Agelastatin A Pt. 2
Tanaka, Yoshimitsu and Ino. Org. Lett., 2008, ASAP. DOI: 10.1021/ol802225g.
Looking at this article, the second thought I had (after being generally impressed with the key steps) was that I’d perhaps blogged this molecule before. I was right – it was one of the first I wrote, back in April of 2006 – by Trost. My writing style may have progressed since then (and I’ve certainly become more, umm, expansive, but I still knew quality when I saw it. Trost’s work centred on his manipulation of allylic chemistry using palladium catalysis – quite different to this approach by Tanaka.

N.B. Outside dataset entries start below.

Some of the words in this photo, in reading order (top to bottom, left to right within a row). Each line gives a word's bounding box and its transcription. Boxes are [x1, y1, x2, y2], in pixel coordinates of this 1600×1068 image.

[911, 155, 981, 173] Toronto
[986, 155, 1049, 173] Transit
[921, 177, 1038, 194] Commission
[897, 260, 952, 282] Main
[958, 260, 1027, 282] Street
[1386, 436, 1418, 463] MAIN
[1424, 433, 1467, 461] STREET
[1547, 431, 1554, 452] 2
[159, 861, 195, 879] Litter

Clearly I wasn’t interested in biological profiles back then (how times change…), but there’s some worth noting here – antiproliferation of ‘several human cancer cell lines’, and a bit of (GSK-3Î²) inhibition. But a 5,6,5,5-ring system is a good incentive too, especially if one can make it easily. The first ring is bought-in, but that’s forgiveable, as it is cyclopentadiene. An oxidative cycloaddition with Boc-protected hydroxylamine resulted in a dihydro-oxazine, which was reduced to the amino-alcohol using molybdenum hexacarbonyl and borohydride. Of course, this chemistry is racemic, so the next few steps included an enymatic resolution of this cyclopentene.

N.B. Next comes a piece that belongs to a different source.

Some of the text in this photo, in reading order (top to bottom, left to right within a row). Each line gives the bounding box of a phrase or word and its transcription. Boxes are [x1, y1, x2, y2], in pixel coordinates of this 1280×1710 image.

Formation of the pyrrole was quite nice, and a blast-from-the-past – a Paal-Knorr condensation. Inversion of the hydroxyl was done with a typical Mitsunobu, with only a few more steps to get to the next point of discussion – and the centrepiece of the paper. Formation of an azidoformate (a tricky beast for them to complete), and then heating the crap out of it in a sealed tube gave them an impressive yield of a pretty strained aziridine.
A bit more azide (and do remember exactly how nasty sodium azide is!) opened the three-membered ring, resulting in a net formation of two stereocenters with great control; six more steps and they’d finished the target. Azidetastic.